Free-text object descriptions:

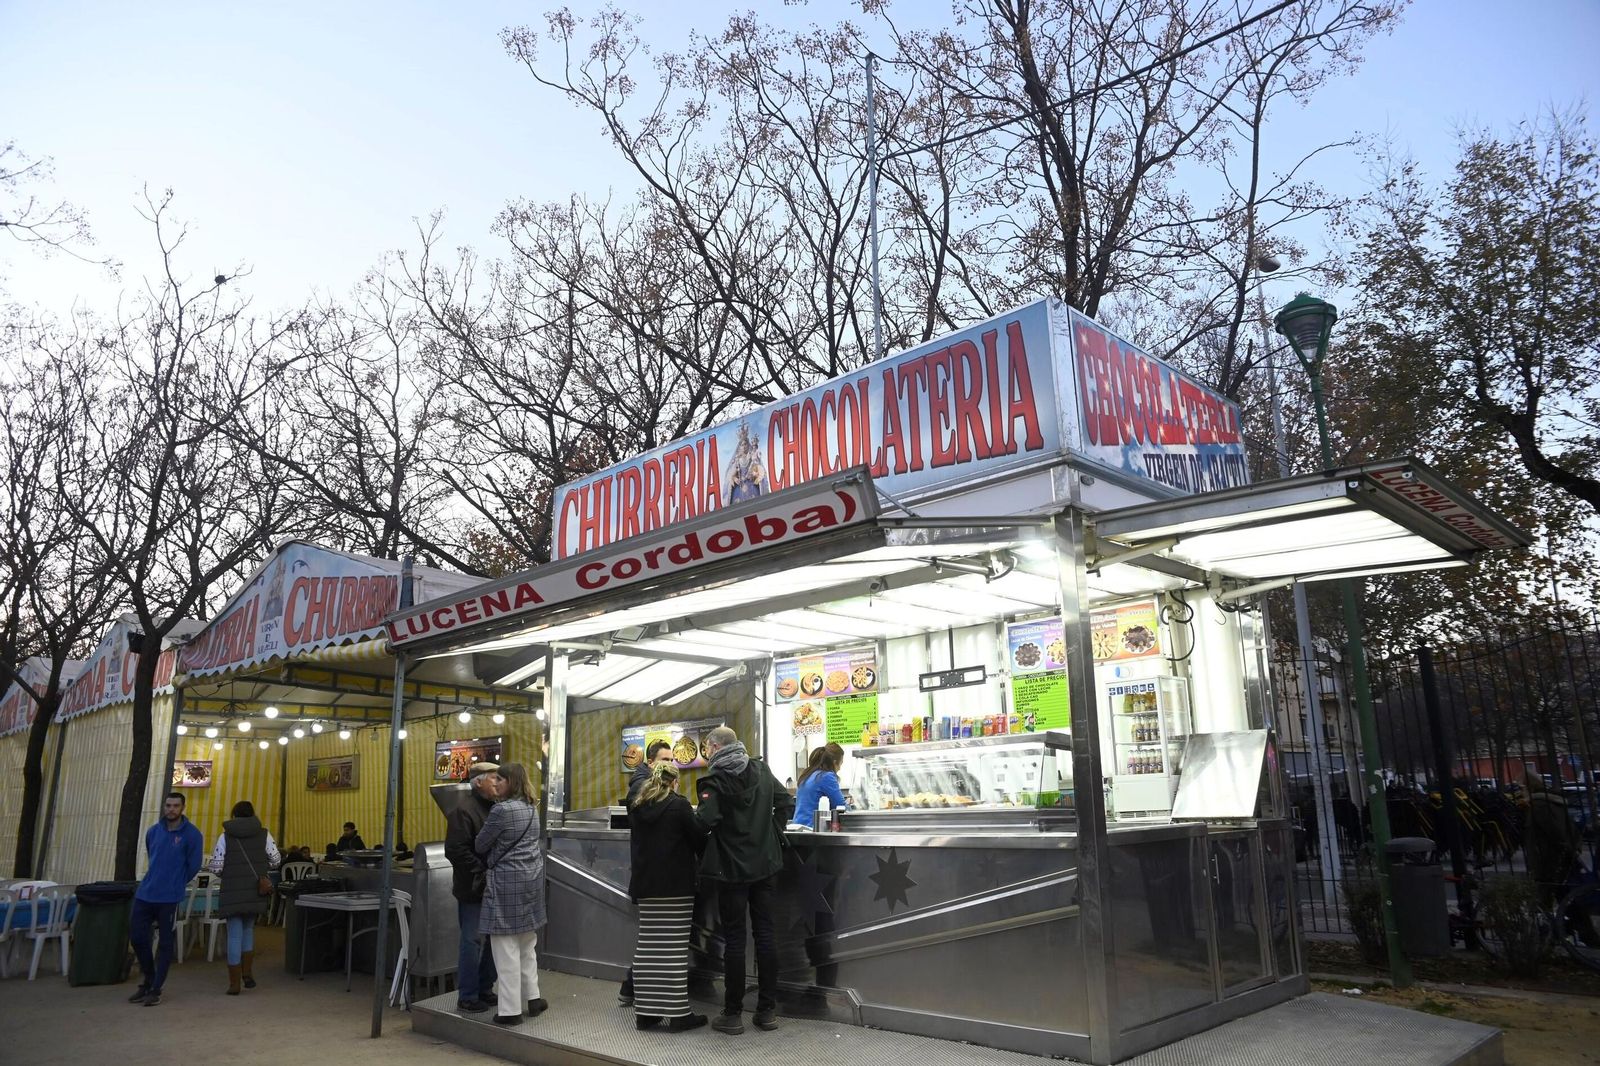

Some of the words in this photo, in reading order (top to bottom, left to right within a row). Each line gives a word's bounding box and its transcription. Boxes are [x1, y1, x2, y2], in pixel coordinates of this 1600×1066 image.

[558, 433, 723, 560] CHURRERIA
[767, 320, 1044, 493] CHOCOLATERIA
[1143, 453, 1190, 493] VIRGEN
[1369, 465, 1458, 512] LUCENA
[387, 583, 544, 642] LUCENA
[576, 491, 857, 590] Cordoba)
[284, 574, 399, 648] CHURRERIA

Work to be completed — No pictures go in the copy. Set down all the data exactly.

Problem solution —
Some of the words in this photo, in reading order (top to bottom, left to right within a row). Each line gives a word's bounding box and its transcription. Boxes are [x1, y1, x2, y2], in pixel coordinates of this 1600×1066 image.

[558, 433, 723, 560] CHURRERIA
[767, 320, 1044, 493] CHOCOLATERIA
[1143, 453, 1190, 493] VIRGEN
[1369, 465, 1458, 512] LUCENA
[387, 583, 544, 642] LUCENA
[576, 491, 857, 590] Cordoba)
[284, 574, 399, 648] CHURRERIA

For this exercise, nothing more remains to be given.